For this task, output every entry below exactly and omit the pictures.

_RECORDS SUPPLIED_:
━━━━━━━━━━━━━━━━━━━━━━━━━━━━━━
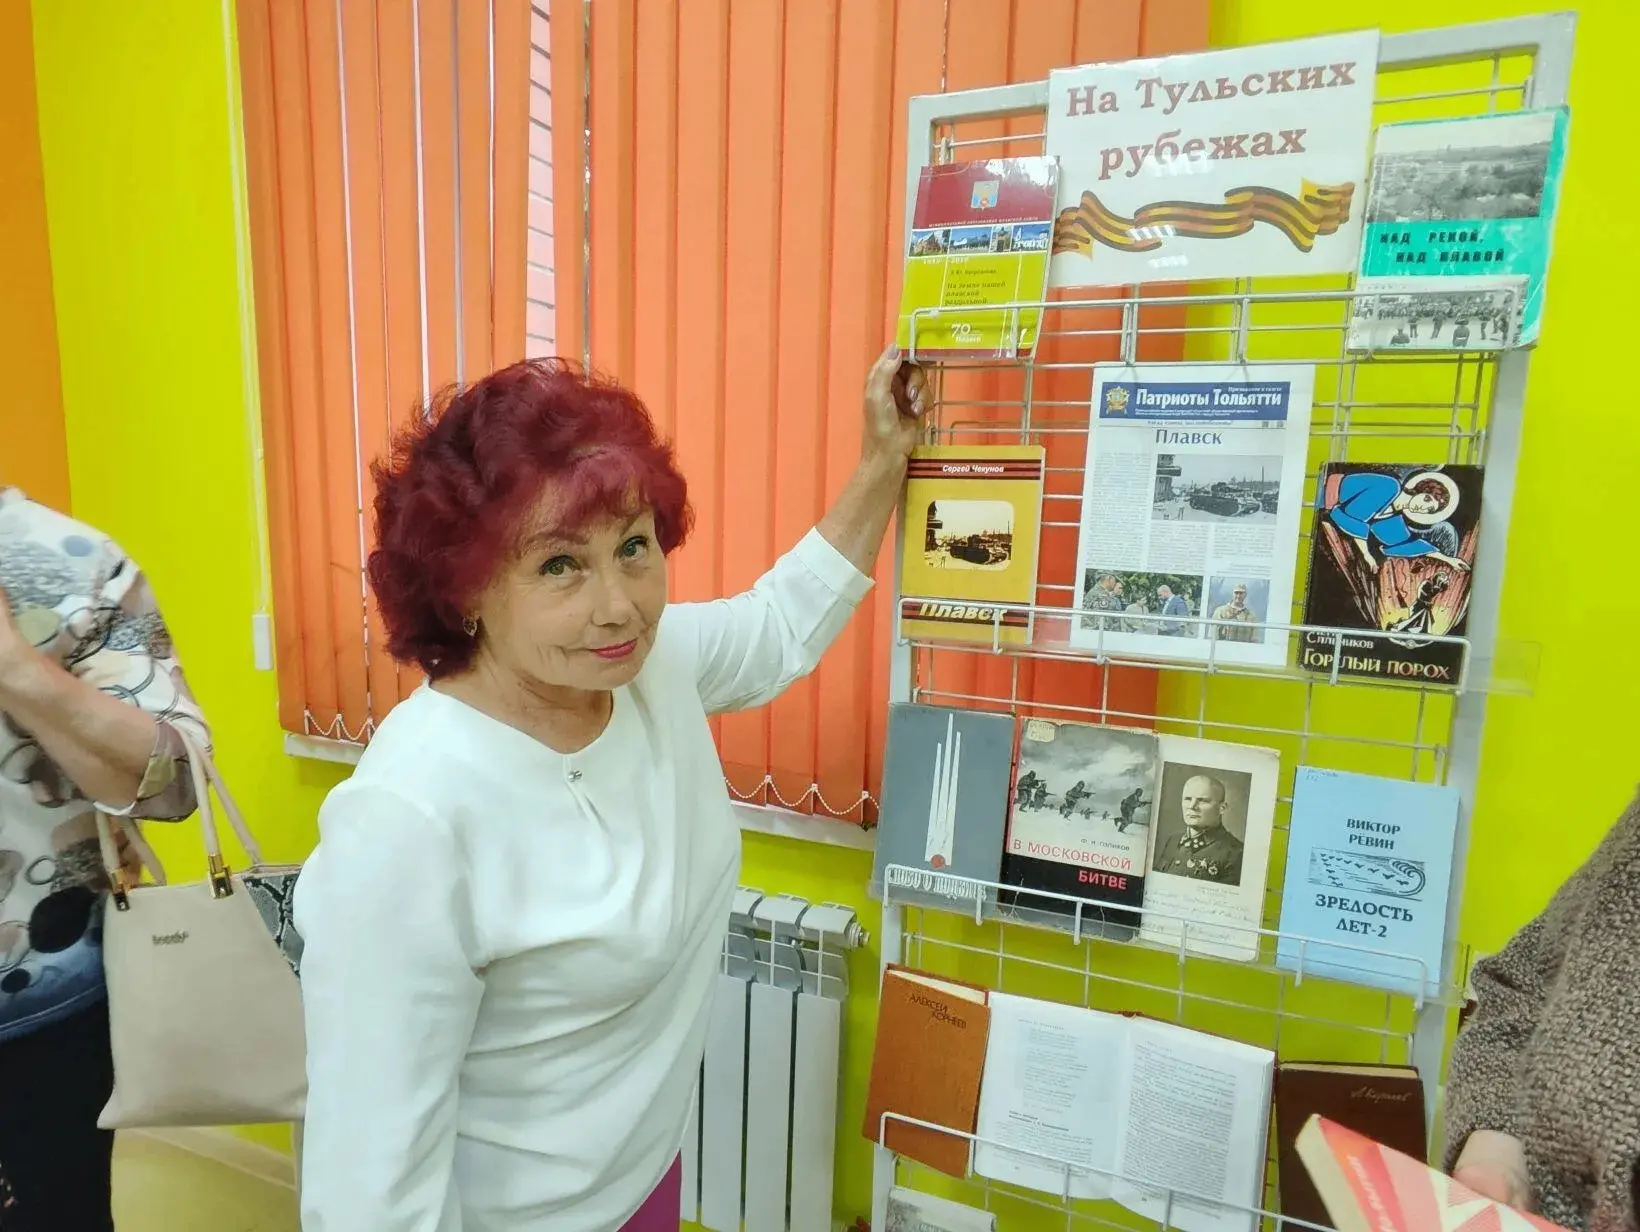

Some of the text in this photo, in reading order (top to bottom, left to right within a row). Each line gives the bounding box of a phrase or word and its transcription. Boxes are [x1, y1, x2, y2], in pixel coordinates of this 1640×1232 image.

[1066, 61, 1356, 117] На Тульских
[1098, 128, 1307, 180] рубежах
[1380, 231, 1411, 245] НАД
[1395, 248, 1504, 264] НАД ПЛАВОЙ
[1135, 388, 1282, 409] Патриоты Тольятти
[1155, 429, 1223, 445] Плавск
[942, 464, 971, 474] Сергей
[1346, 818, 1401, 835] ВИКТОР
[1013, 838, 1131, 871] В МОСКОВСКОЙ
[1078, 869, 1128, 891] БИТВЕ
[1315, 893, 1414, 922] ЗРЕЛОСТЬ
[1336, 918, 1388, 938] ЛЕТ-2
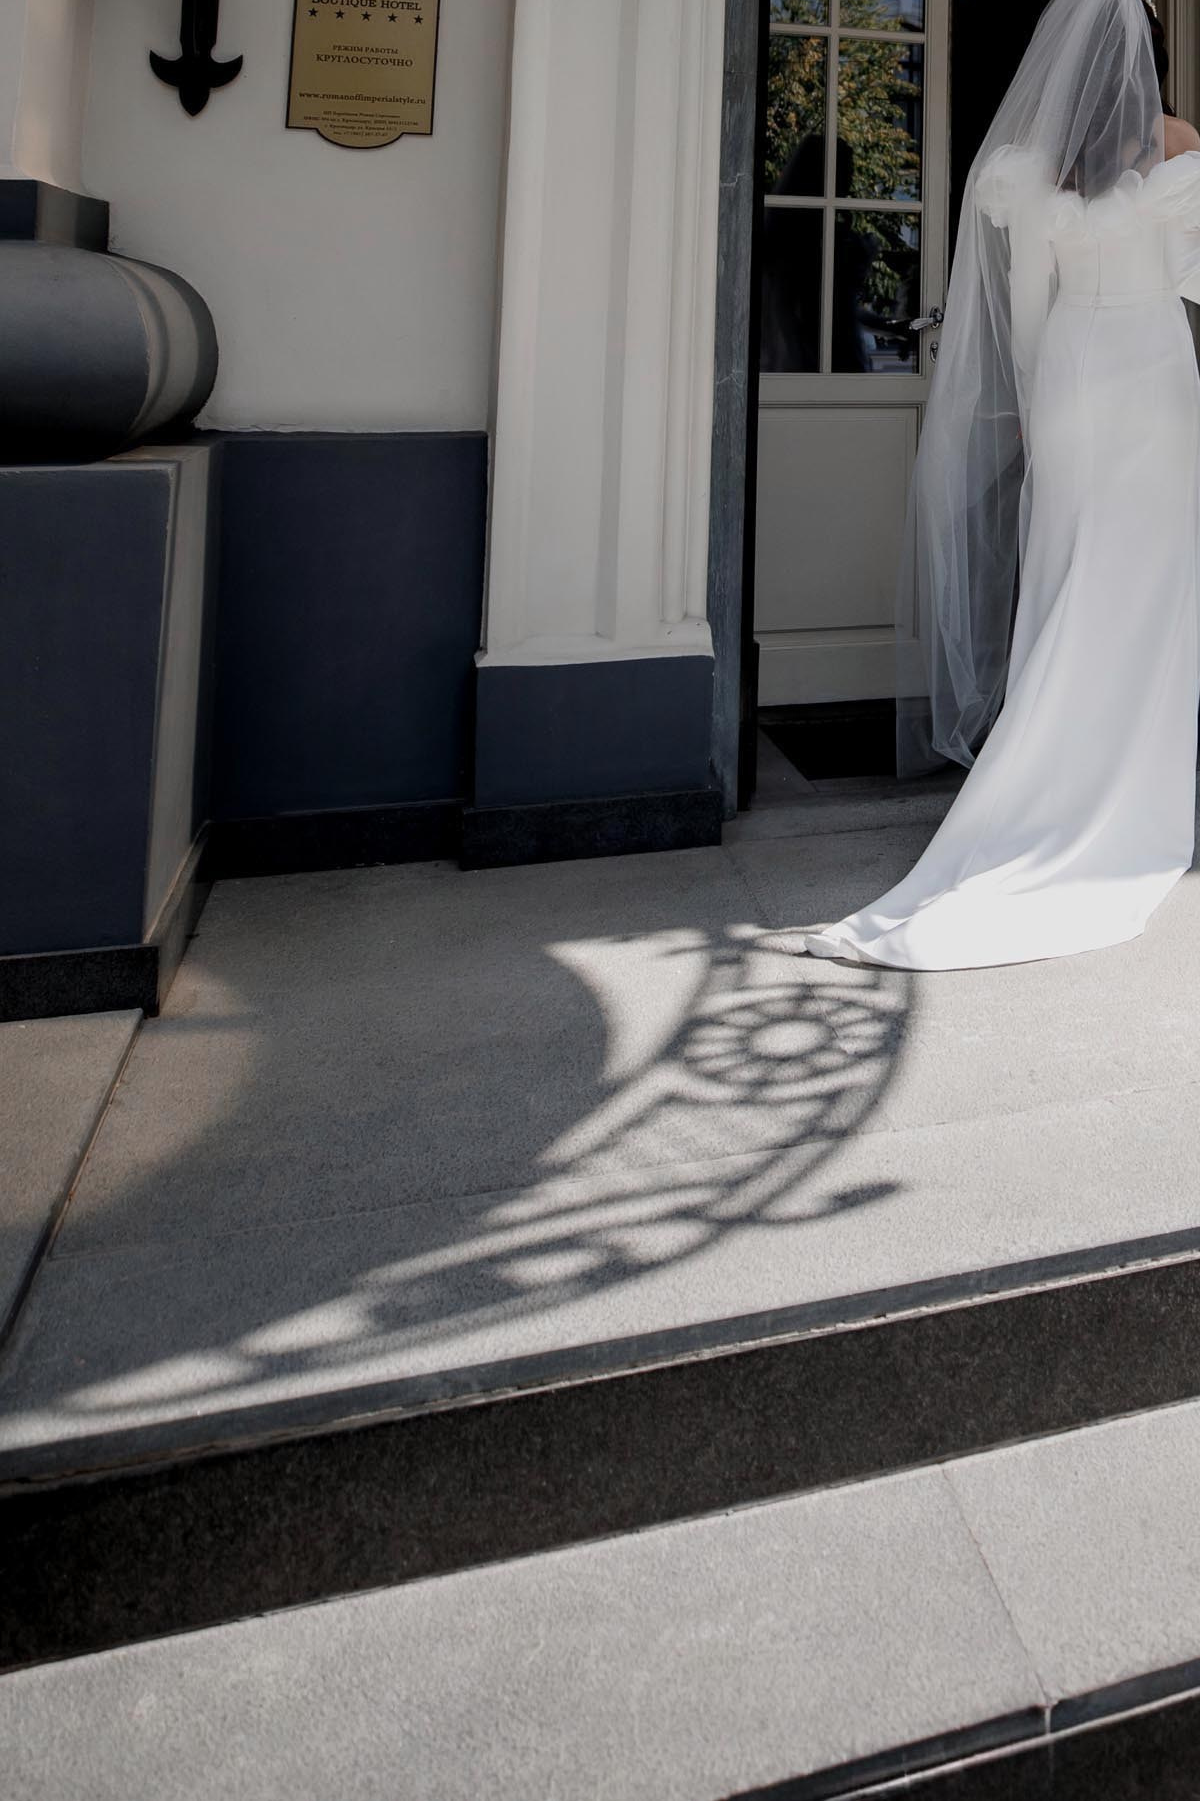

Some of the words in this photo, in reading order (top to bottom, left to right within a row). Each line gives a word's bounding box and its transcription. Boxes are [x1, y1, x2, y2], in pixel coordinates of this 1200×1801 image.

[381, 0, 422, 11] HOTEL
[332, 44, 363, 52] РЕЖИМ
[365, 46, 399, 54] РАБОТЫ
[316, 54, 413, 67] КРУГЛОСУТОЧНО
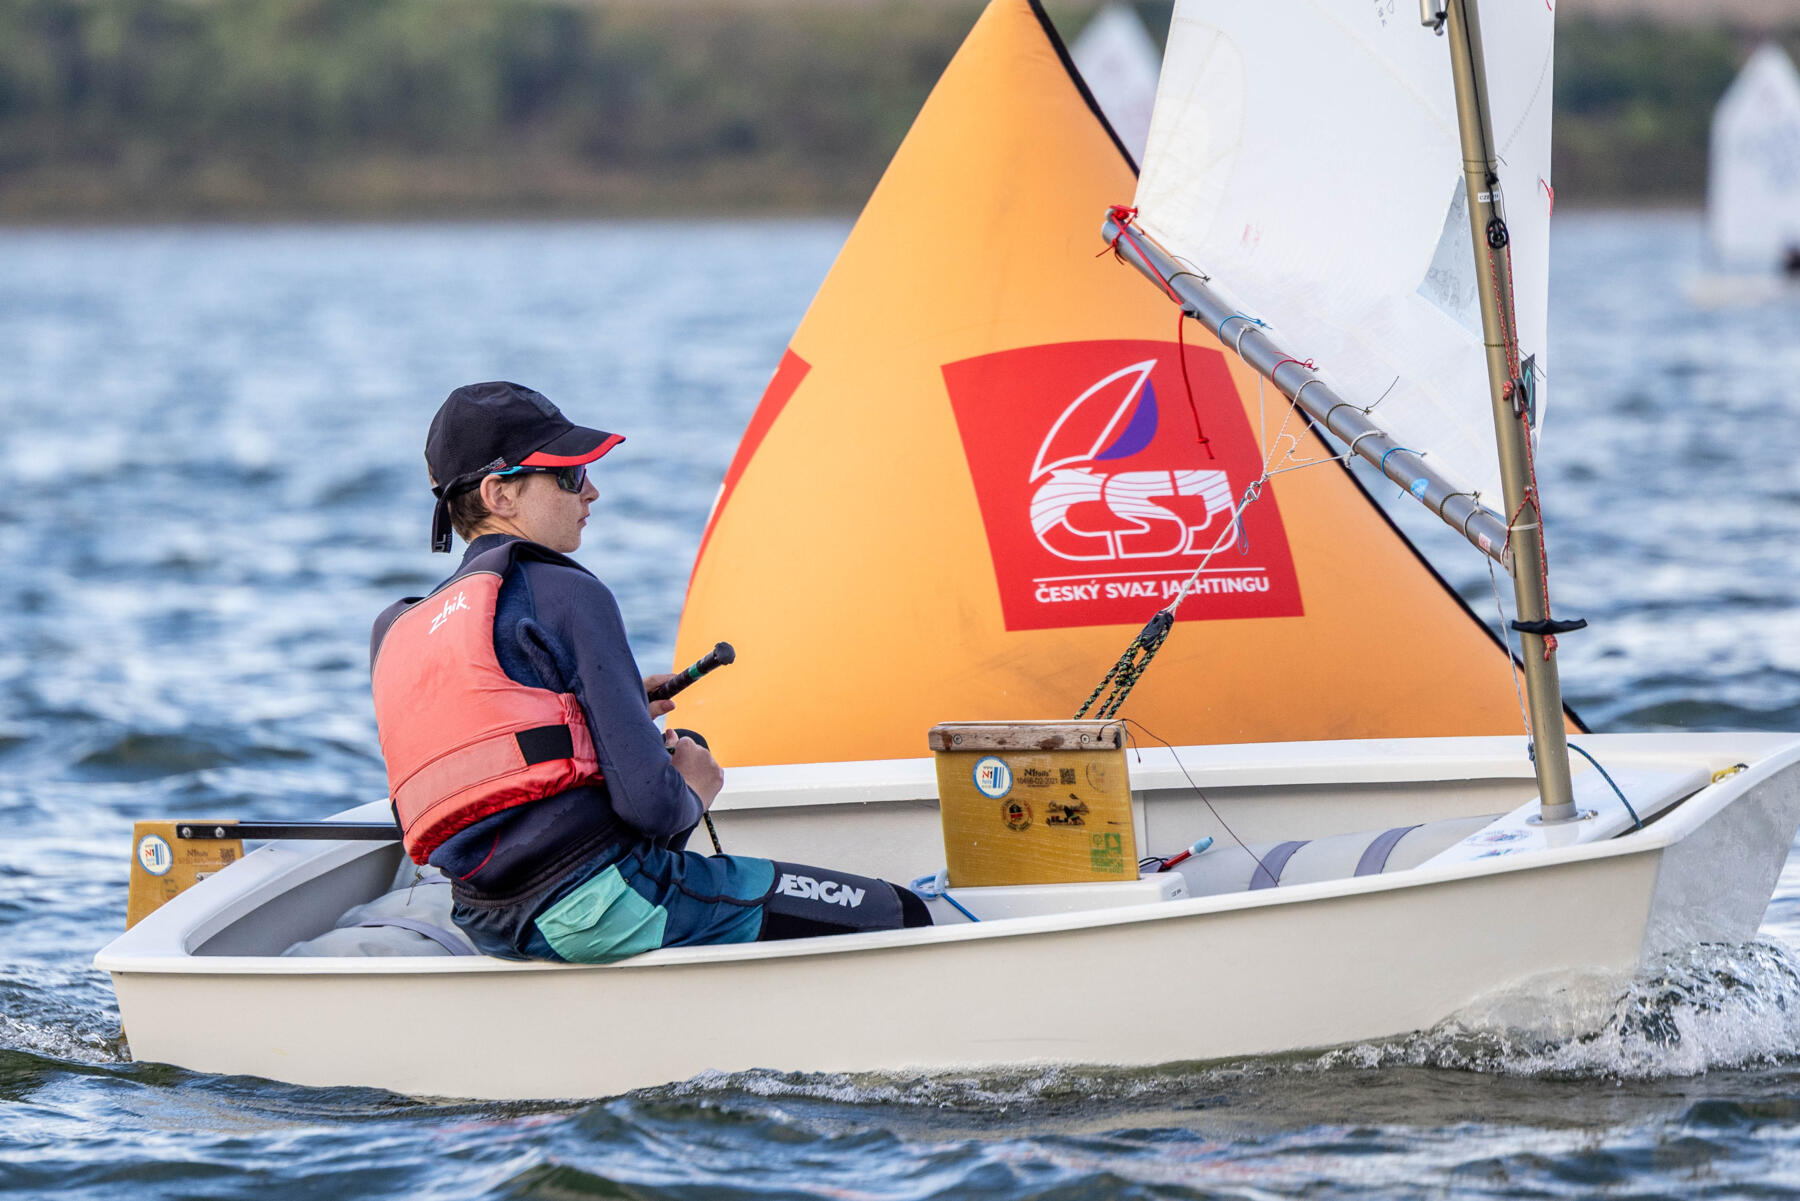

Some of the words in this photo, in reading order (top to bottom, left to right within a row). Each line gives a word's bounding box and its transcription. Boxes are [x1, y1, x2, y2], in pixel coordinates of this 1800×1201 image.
━━━━━━━━━━━━━━━━━━━━━━━━━━━━━━
_ANSWER BOX_:
Some of the text in this photo, in reading order (top to bottom, left to right within a row). Each line gives the bounding box of a phrase or word and its transcription. Boxes are [x1, y1, x2, y2], in pixel coordinates of this 1640×1232 image.

[1066, 61, 1356, 117] На Тульских
[1098, 128, 1307, 180] рубежах
[1380, 231, 1411, 245] НАД
[1395, 248, 1504, 264] НАД ПЛАВОЙ
[1135, 388, 1282, 409] Патриоты Тольятти
[1155, 429, 1223, 445] Плавск
[942, 464, 971, 474] Сергей
[1346, 818, 1401, 835] ВИКТОР
[1013, 838, 1131, 871] В МОСКОВСКОЙ
[1078, 869, 1128, 891] БИТВЕ
[1315, 893, 1414, 922] ЗРЕЛОСТЬ
[1336, 918, 1388, 938] ЛЕТ-2

Some of the words in this photo, in reading order (top to bottom, left to right within a row). Each line gives a word's bounding box and its transcription. Boxes are [x1, y1, x2, y2], in pixel coordinates of this 1200×1801 image.

[381, 0, 422, 11] HOTEL
[332, 44, 363, 52] РЕЖИМ
[365, 46, 399, 54] РАБОТЫ
[316, 54, 413, 67] КРУГЛОСУТОЧНО

Some of the words in this photo, in reading order (top to bottom, left to right within a row). Each line gives a word's bounding box and its transcription. Boxes are [x1, y1, x2, y2], in pixel coordinates of this 1800×1201 image.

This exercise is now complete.